- _Task prompt_: Repeat the data that follows, word for word, without the images.

Dataset entries:
* * * * * * *
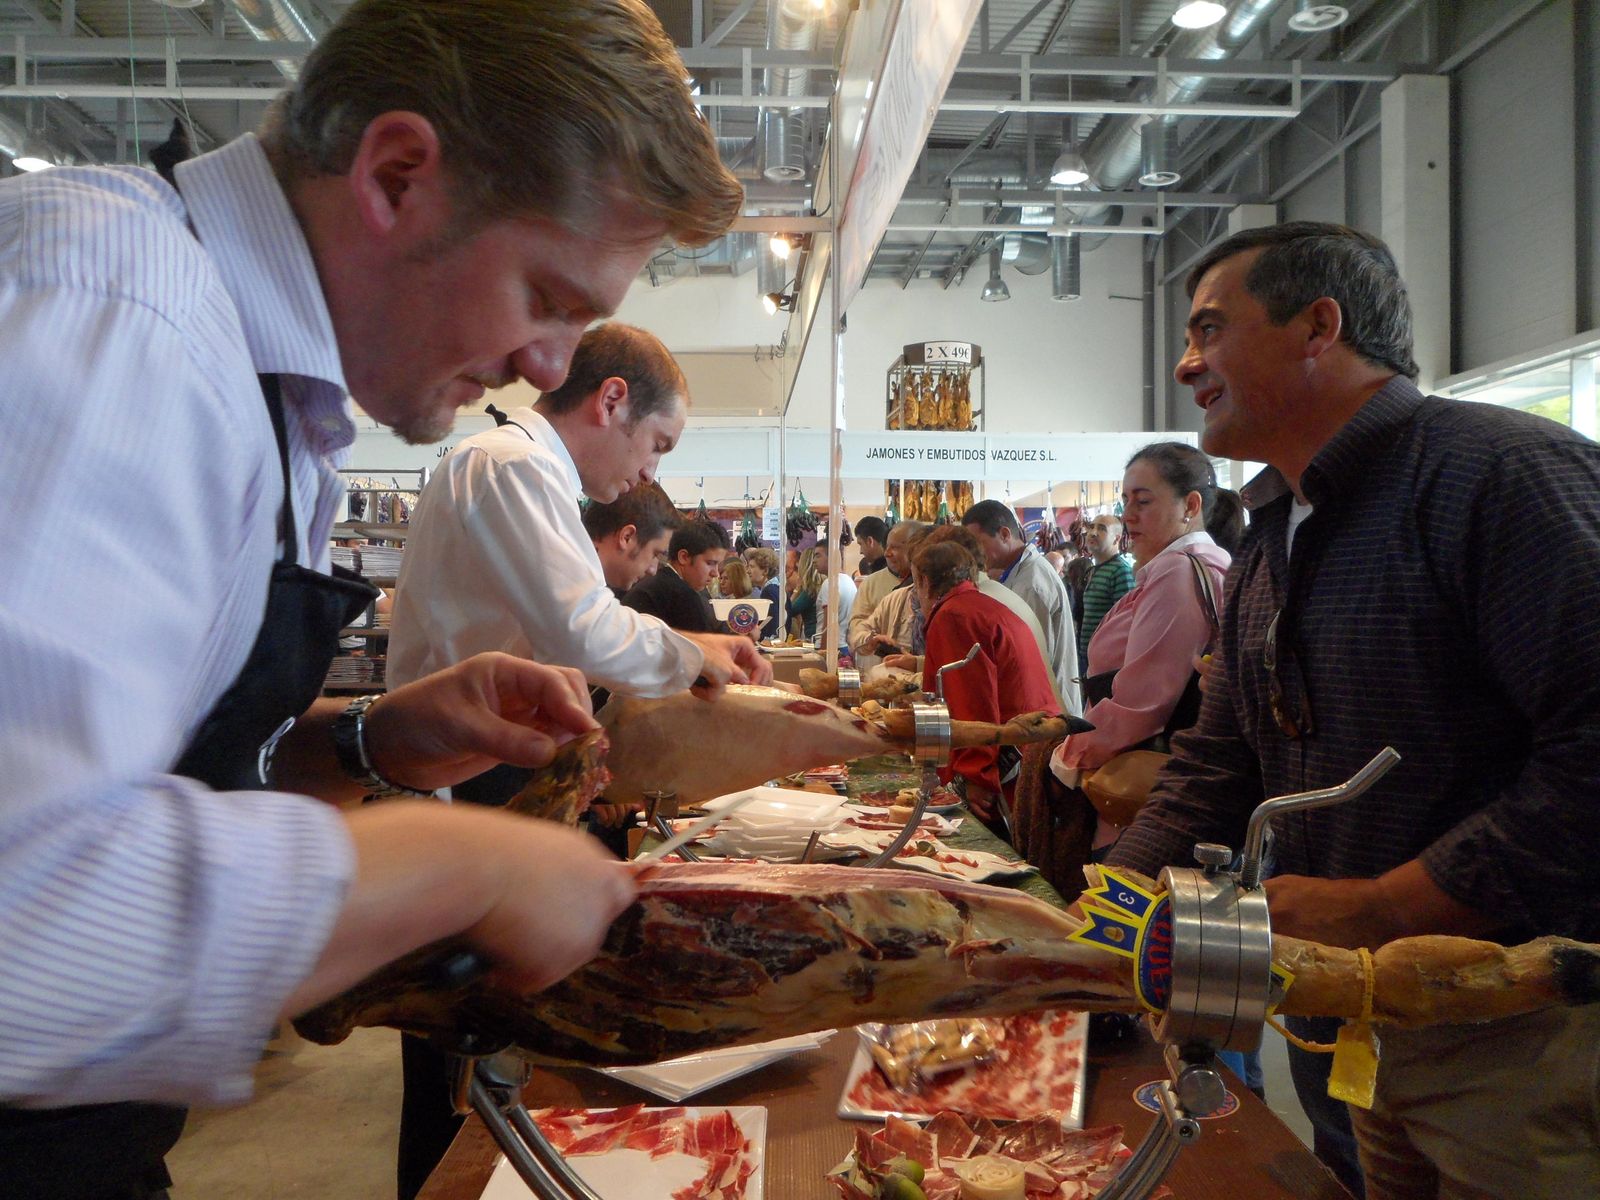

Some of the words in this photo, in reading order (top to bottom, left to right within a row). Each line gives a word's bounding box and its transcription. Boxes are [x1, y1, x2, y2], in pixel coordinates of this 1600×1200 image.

[926, 347, 933, 359] 2
[938, 346, 948, 358] X
[437, 446, 454, 458] JA
[866, 447, 915, 460] JAMONES
[918, 448, 924, 460] Y
[927, 448, 986, 461] EMBUTIDOS
[991, 449, 1037, 461] VAZQUEZ
[1039, 449, 1057, 461] S.L.
[1118, 891, 1135, 905] 3
* * * * * * *
- _Exercise answer_:
Some of the words in this photo, in reading order (top to bottom, left to right within a row). Each line gives a word's bounding box and its transcription. Boxes are [x1, y1, x2, y2], in pixel coordinates of this 1600×1200 image.

[926, 347, 933, 359] 2
[938, 346, 948, 358] X
[437, 446, 454, 458] JA
[866, 447, 915, 460] JAMONES
[918, 448, 924, 460] Y
[927, 448, 986, 461] EMBUTIDOS
[991, 449, 1037, 461] VAZQUEZ
[1039, 449, 1057, 461] S.L.
[1118, 891, 1135, 905] 3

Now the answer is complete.